Al cerrar la pluma, al cerrar el cuaderno, se acabó lo bueno, lo intenso. Vuelvo a lo que no es mío, a la realidad que no pedí, que con asfixias soporto.
¿Y si los escritores somos seres malditos condenados a expresar aquellas emociones que siendo absurdas, gozamos y padecemos?
¿Soy un cerebro en coma?
Escribimos de la magia que no existe; pero necesitamos crearla. Escribimos de amores legendarios, de héroes, de dolores y horrores inconcebibles y naves espaciales.
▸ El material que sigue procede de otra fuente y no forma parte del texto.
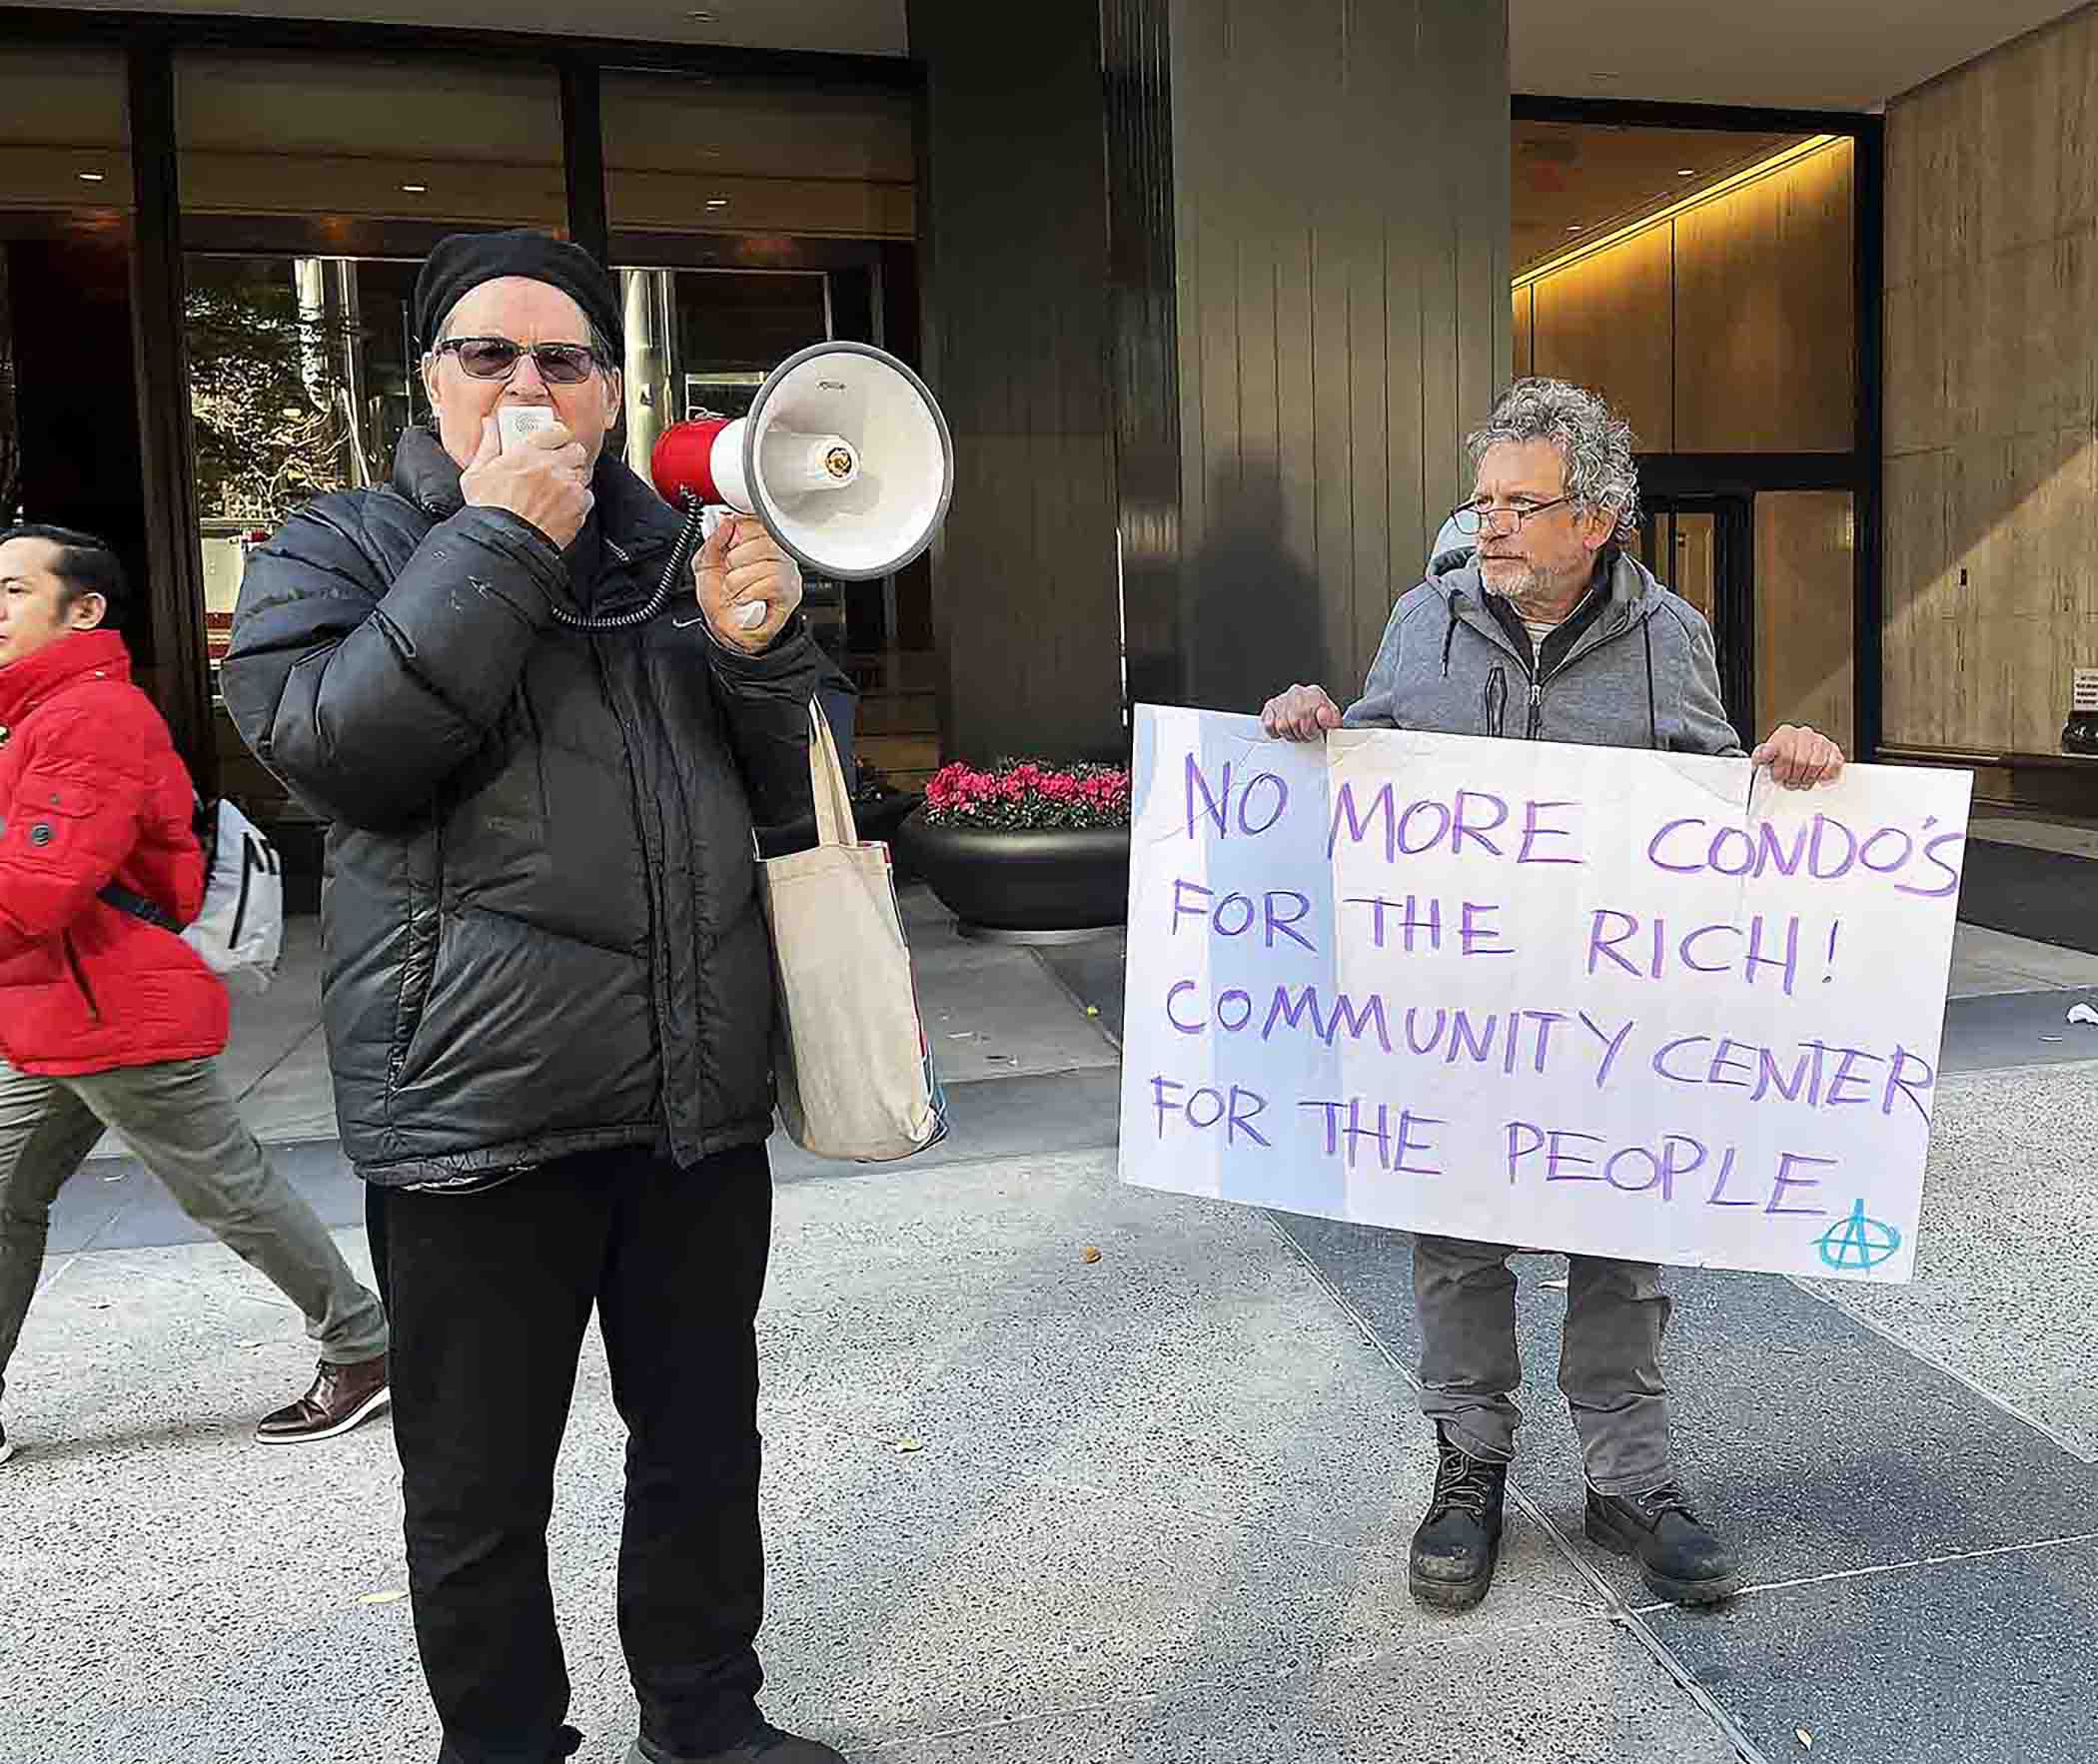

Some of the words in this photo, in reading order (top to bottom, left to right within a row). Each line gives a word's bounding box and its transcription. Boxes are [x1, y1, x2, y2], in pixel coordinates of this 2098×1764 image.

Sabemos que nada de ello existe.
Miro mis manos con la triste certeza de que al cerrar la pluma y el cuaderno, te quedarás solo con la realidad.
Es normal suicidarse en un lugar en el que no hay absolutamente nada que ilusione al despertar.
Es lógico no saber en que momento has llegado al paso de las vías del tren para cruzarlas e ir a ninguna parte en concreto. Hay gente esperando también a que las barreras se alcen, no desentono.
Soy del mismo color apagado que ellos, no me engaño. Soy de una vulgaridad que espanta.
Es angustioso escuchar el tren y que los pensamientos funestos se agolpen nerviosos en los dedos de los pies que parecen telegrafiar mensajes de urgencia-stop-stop-stop-quiero salir de aquí-stop-stop-stop...
El tren se acerca veloz con el escándalo de la sonajería eléctrica de aviso de peligro.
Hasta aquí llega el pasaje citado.